Neuroichthyosis

Publisher Summary This chapter describes neuroichthyosis, which refers to those conditions associating ichthyosis or ichthyosiform dermatoses to central or peripheral nervous system involvement. Ichthyosis is a group of genetically determined alterations of keratinization clinically characterized by persistent, clinically evident scales on the skin surface. Ichthyosiform dermatosis is a heterogeneous group of skin disorders characterized by different degrees of hyperkeratosis, scaling, and erythema. Lesions with capricious designs are often found in ichthyosiform dermatoses.
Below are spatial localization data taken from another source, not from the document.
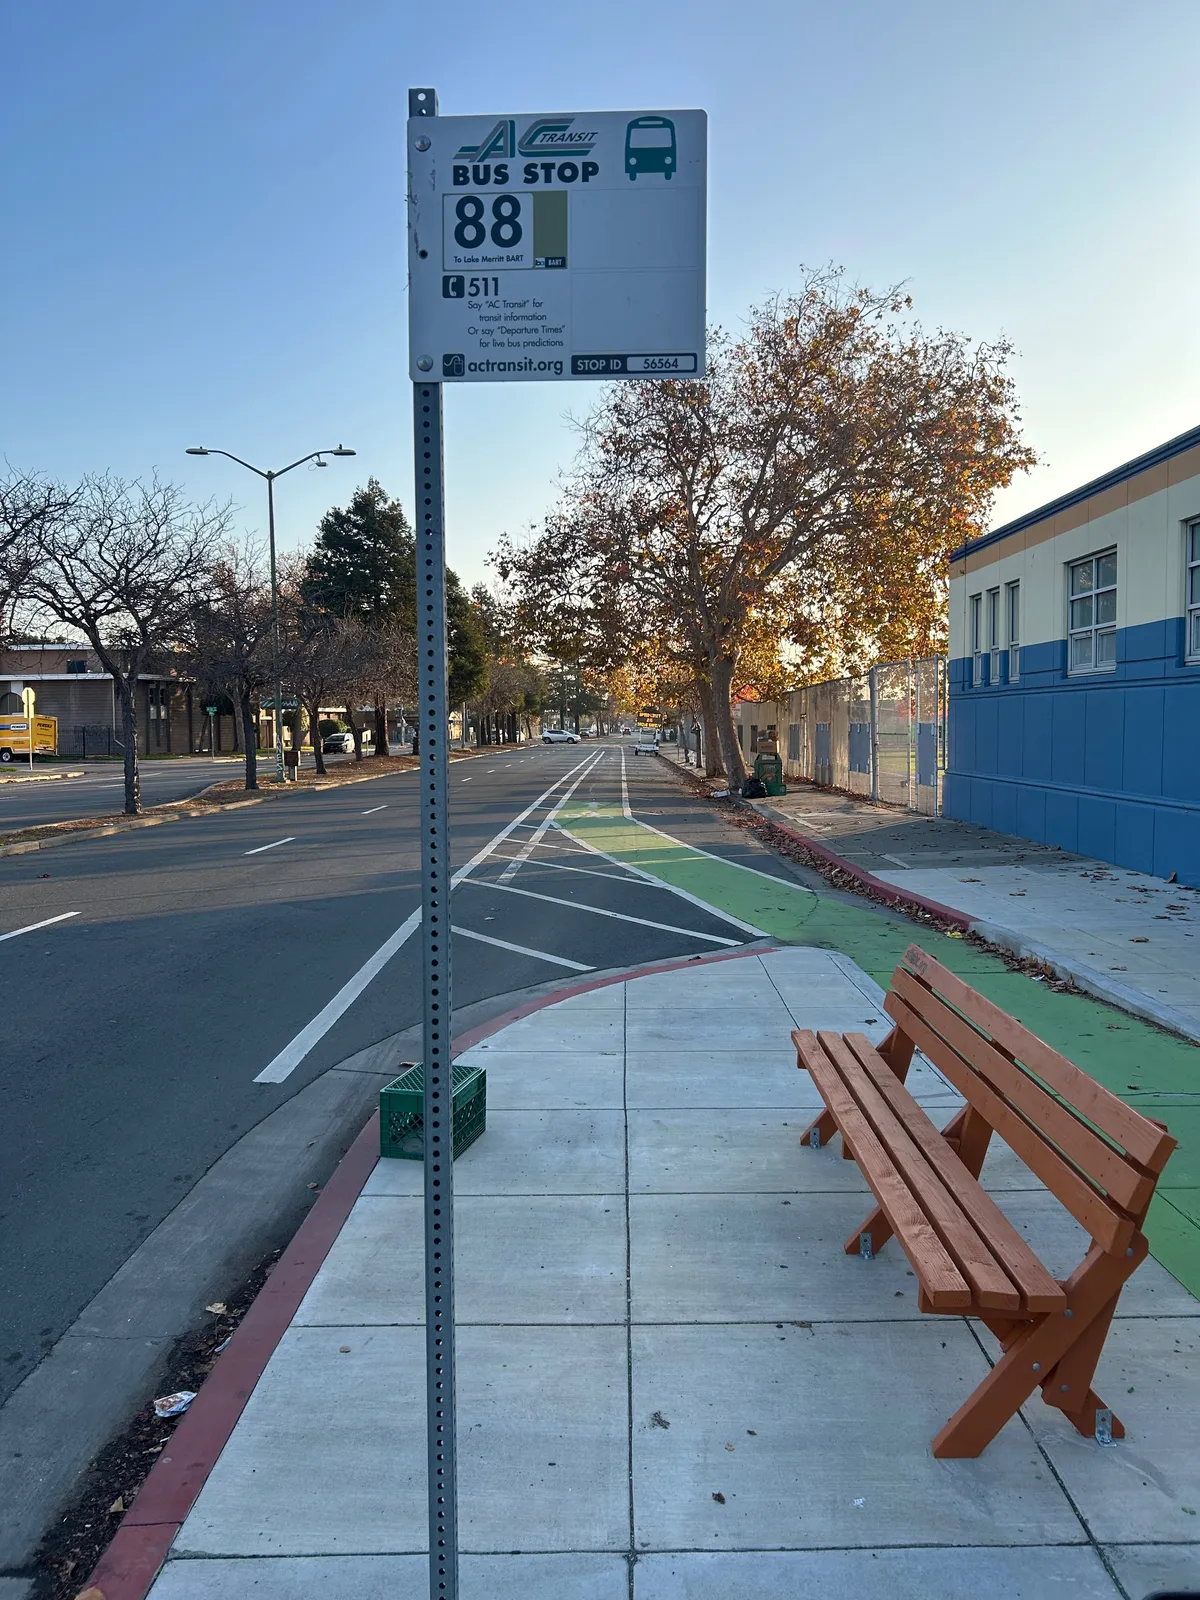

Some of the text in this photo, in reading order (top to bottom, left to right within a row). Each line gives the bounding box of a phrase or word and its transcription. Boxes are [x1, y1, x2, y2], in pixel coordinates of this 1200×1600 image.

[539, 132, 599, 143] TRANSIT
[452, 161, 600, 186] BUS STOP
[454, 194, 523, 249] 88
[464, 255, 479, 263] Lake
[481, 255, 505, 263] Merritt
[506, 254, 524, 262] BART
[467, 277, 499, 297] 511
[467, 301, 483, 311] Say
[532, 298, 544, 308] for
[479, 312, 547, 322] transit information
[467, 326, 479, 335] Or
[481, 328, 495, 337] say
[479, 337, 564, 349] for live bus predictions
[467, 356, 564, 375] actransit.org
[577, 358, 679, 371] STOP ID 56564
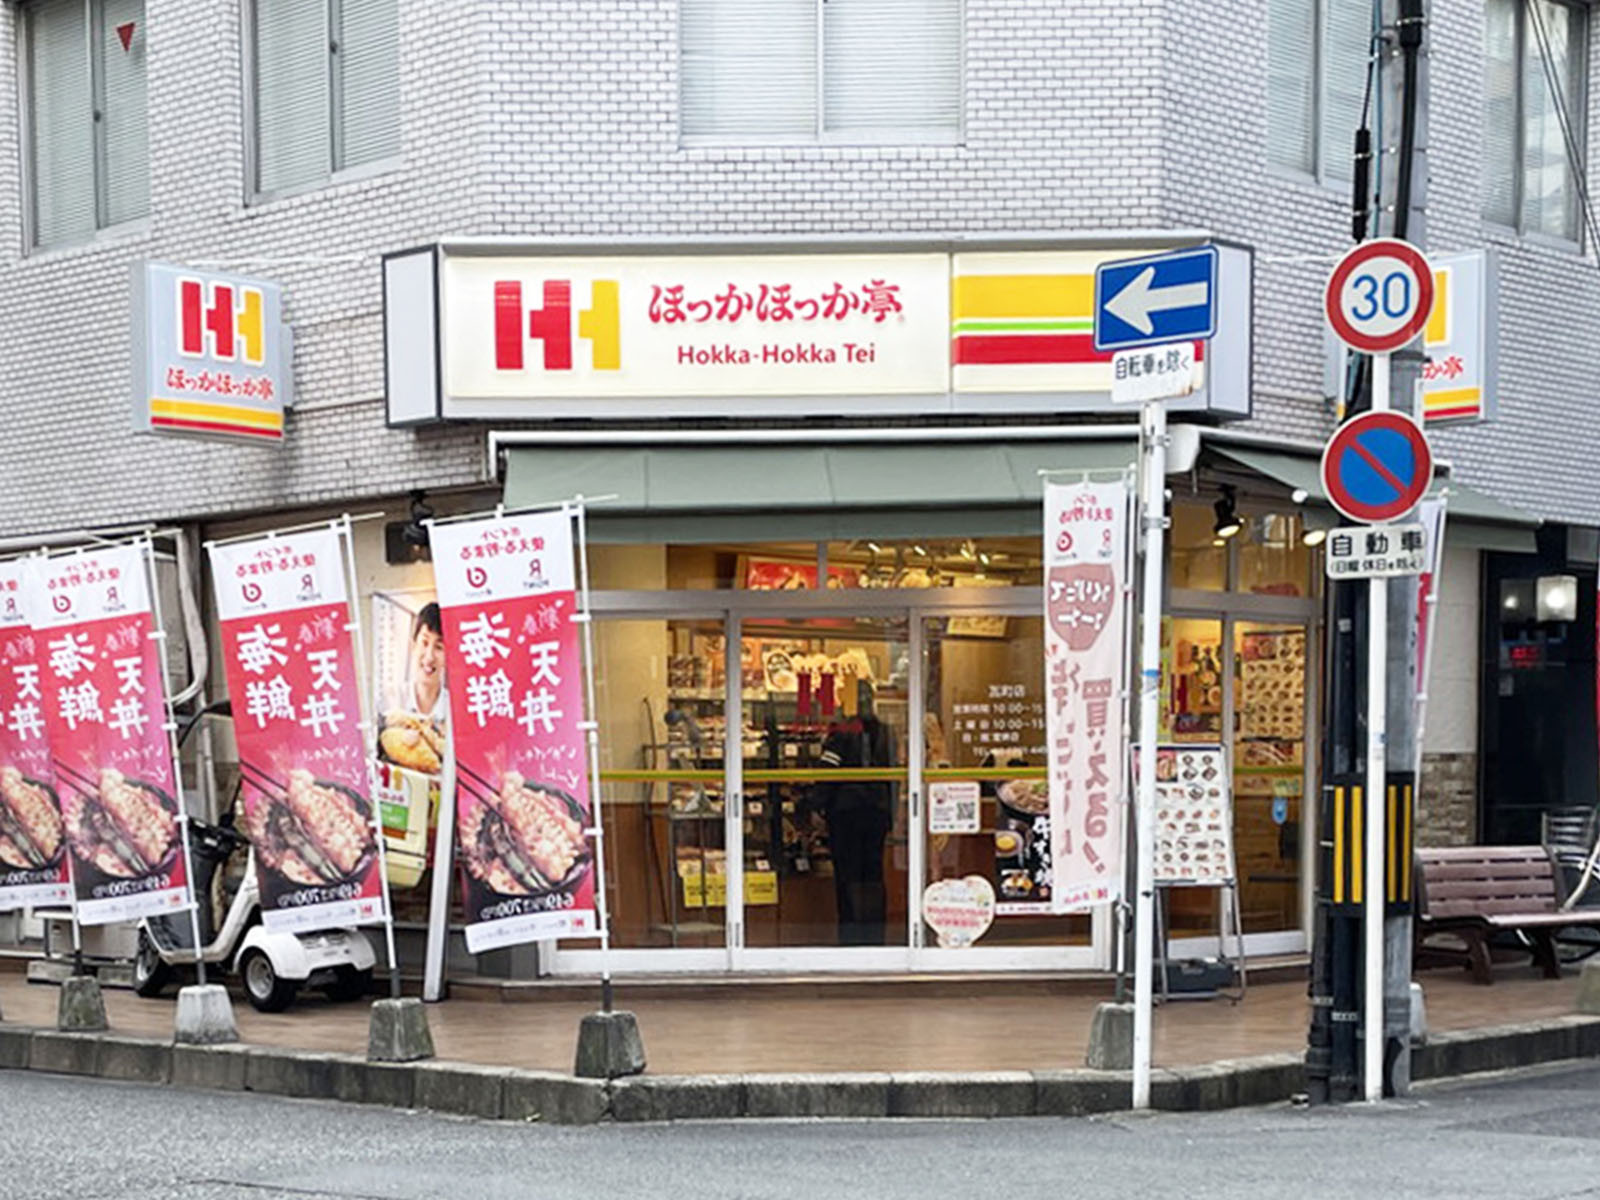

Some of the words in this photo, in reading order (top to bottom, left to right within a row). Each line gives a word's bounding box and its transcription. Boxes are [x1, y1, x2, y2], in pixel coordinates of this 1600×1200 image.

[648, 279, 902, 324] ほっかほっか亭
[1352, 271, 1410, 322] 30
[677, 344, 836, 365] Hokka-Hokka
[844, 342, 875, 364] Tei
[1115, 350, 1190, 380] 自転車を除く
[166, 367, 275, 400] ほっかほっか亭
[1332, 530, 1423, 557] 自動車
Several well-recognized diseases and a few infrequently reported syndromes strongly support the concept that the association among ichthyosis, ichthyosiform dermatoses, and nervous system pathology is not coincidental. Ruds syndrome is inherited as an autosomal recessive trait. Tay syndrome is unusual ichthyotic syndrome of autosomal recessive inheritance is characterized by pili torti and a tricorrhexis nodosa-like alteration whose substrate is trichothiodystrophy. A syndrome of migratory ichthyosiform dermatosis with neurologic and ocular abnormalities, present since birth, has recently been described. The association of ichthyosis, thrombocytopenia, myasthenia, miosis, asplenia, migraine, and dyslexia has been recently reported.